Not sure how I missed this post earlier (sorry or I would have responded) but I will now throw my 2 cents. We use the green plastic drone frames. They draw it all drone sized cells. The queen will fill it. I would NOT say that she targets this frame and reduces her drone laying in the natural drone cells disbursed throughout the hive, but continues to lay in those drone cells and in addition will also lay in the green drone comb. We see an explosion of drones using these frames not a reduction. We do not use them for mite control but to boost our drone population. The idea behind the green frame is to obtain MOST of the drone brood on one frame for easy removal, Hope that answers the question.


----------



## Countryboy (Feb 15, 2009)

_and what overall adverse effects (if any) are experienced by the systematic reduction of drones (if, in fact, the product works) in the hive (mites aside)? _

A lot of energy and resources are put into raising drones. It is metabolically expensive to destroy drones after all the work the hive has put into rearing them.


----------



## hoodswoods (May 15, 2009)

Getting there - thanks PKA.

You indicate that, in fact, by presenting the queen with drone-sized comb "We see an explosion of drones using these frames not a reduction", and that increase is not necessarily targeted to the 'green' comb, but you do "obtain MOST of the drone brood on one frame for easy removal"

I can assume that you are in the drone business:doh: and not the mite-reduction business, but again curious if this somehow stimulates the queen to produce more drones, or just generally concentrates them on the 'target' comb (surely you have done quantitative studies, otherwise why spend the money on drone comb)?

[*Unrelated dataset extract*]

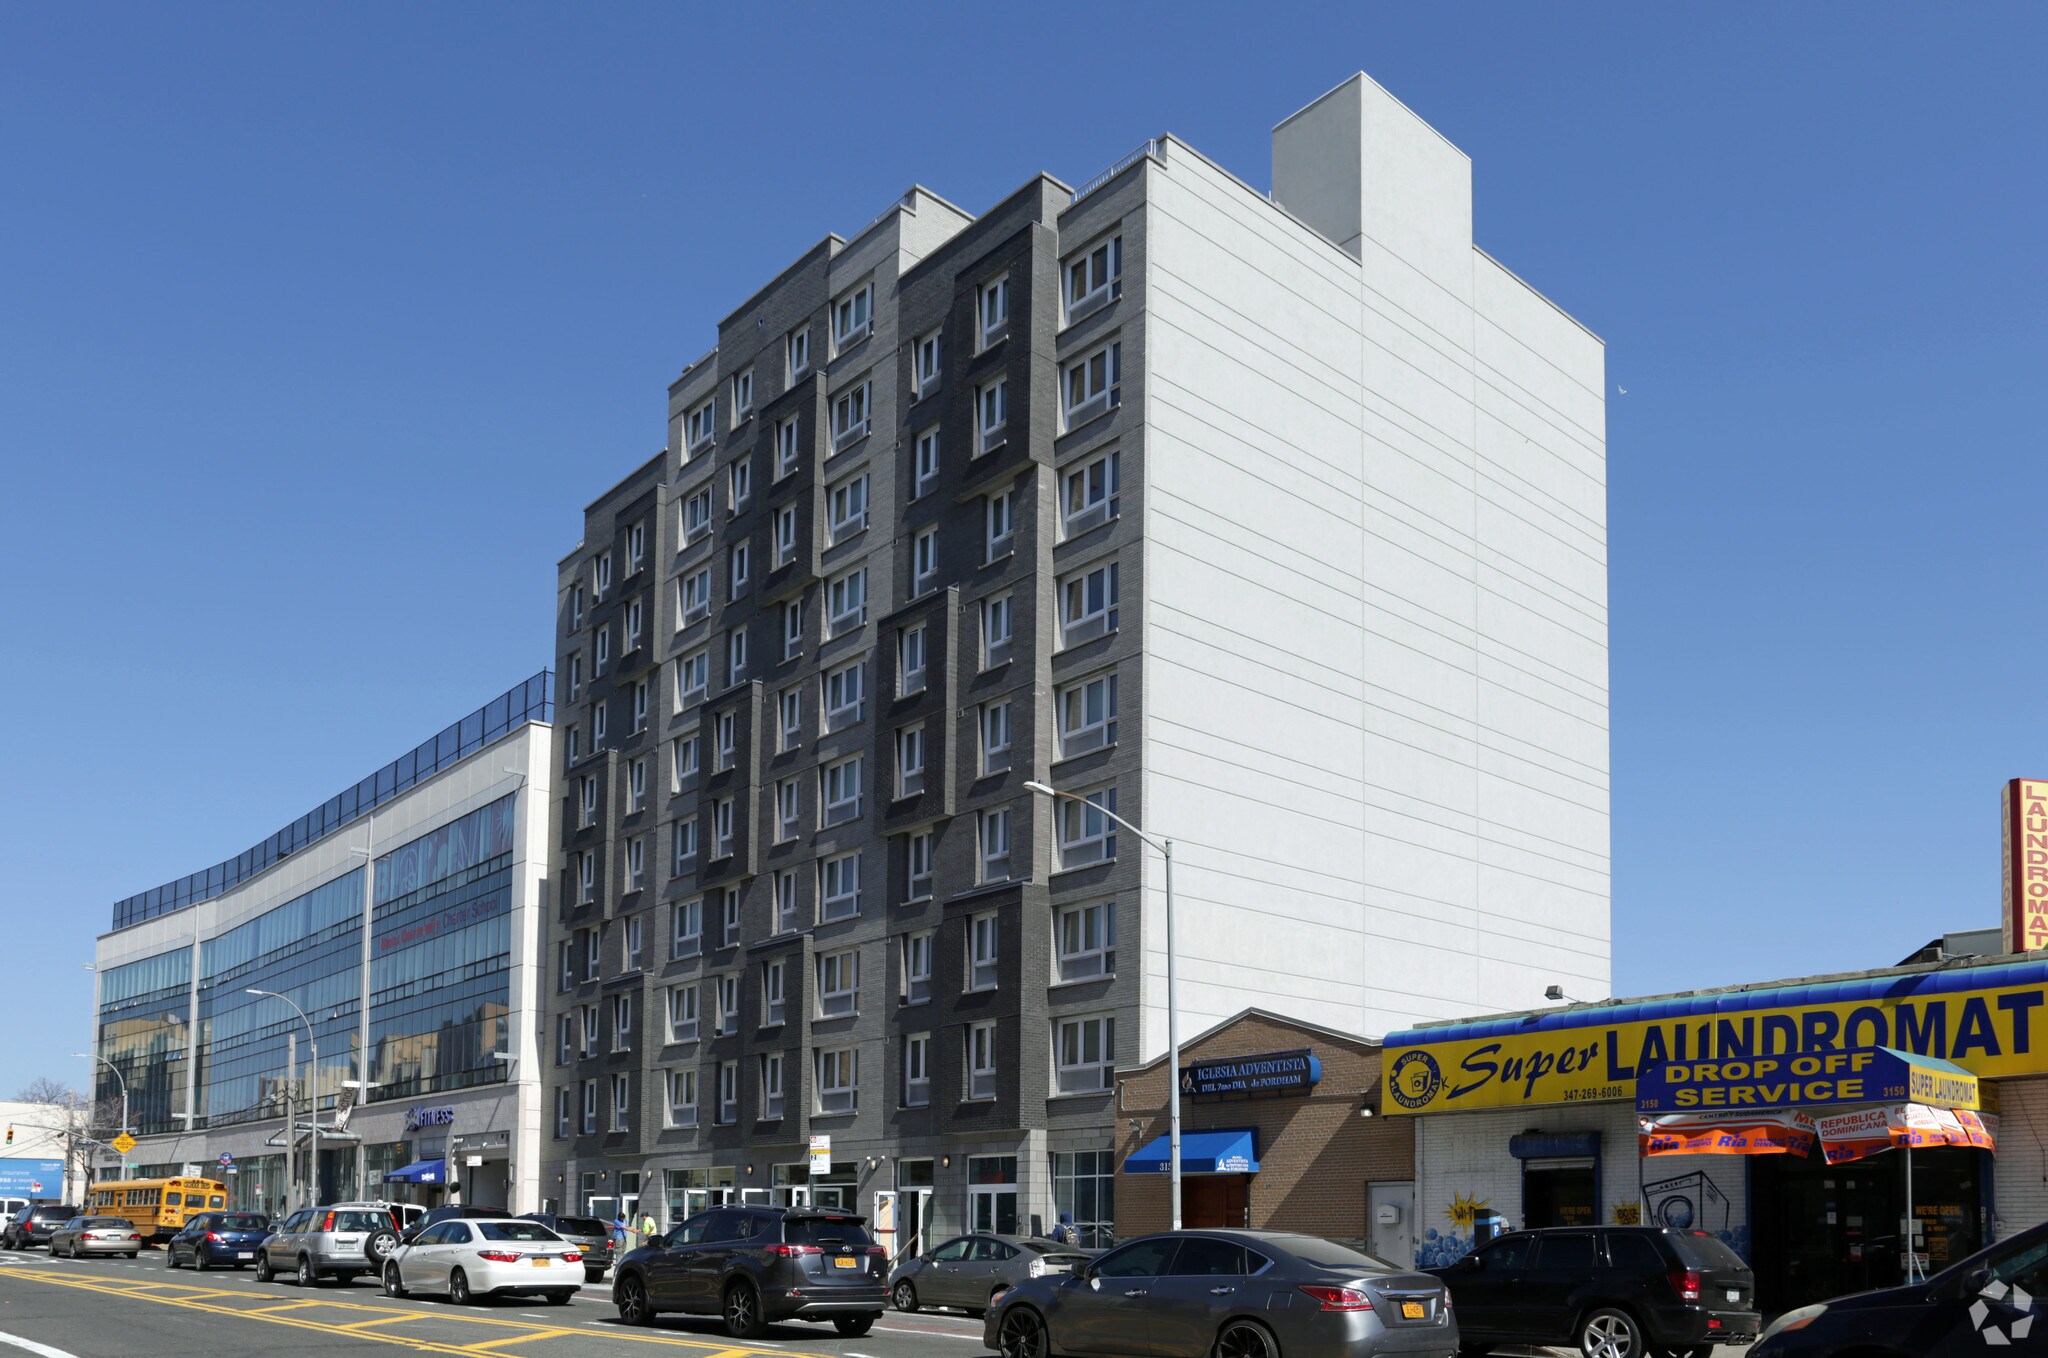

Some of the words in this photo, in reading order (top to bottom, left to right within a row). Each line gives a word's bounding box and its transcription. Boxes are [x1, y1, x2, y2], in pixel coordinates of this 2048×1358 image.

Would you care to offer an opinion - mites aside, because it is generally believed that they target drone brood, how drone management (dragging out as many drone cells as you can find) effects (or not) the yearly long-range health of the colony, if at all?

If the queen is laying drones based on hive requirements, then by trying to manipulate that, we are forcing her to lay more drone, when she could be laying more workers - that sounds like we are defeating our (honey-producers) purpose? That mite control needs to be addressed outside brood control.


----------



## hoodswoods (May 15, 2009)

CB,

I was busy pontificating as your post came in - thanks for the response, and reflects generally how I feel. I hope that no theory comes out that the less bees poop, the more mites they have and we should start feeding exlax in their 1:1.


----------



## Countryboy (Feb 15, 2009)

If there is drone comb in the center of the broodnest where the queen is actively laying, she will fill it with drones. (From my observations.)

_I can assume that you are in the drone business_

Why is being in the drone business bad? They are a vital asset in queen production.


----------



## hoodswoods (May 15, 2009)

Trying to figure out where in my post I inferred that being in the business of raising drones was any less of a noble occupation than making honey - maybe you could point that out to me CB.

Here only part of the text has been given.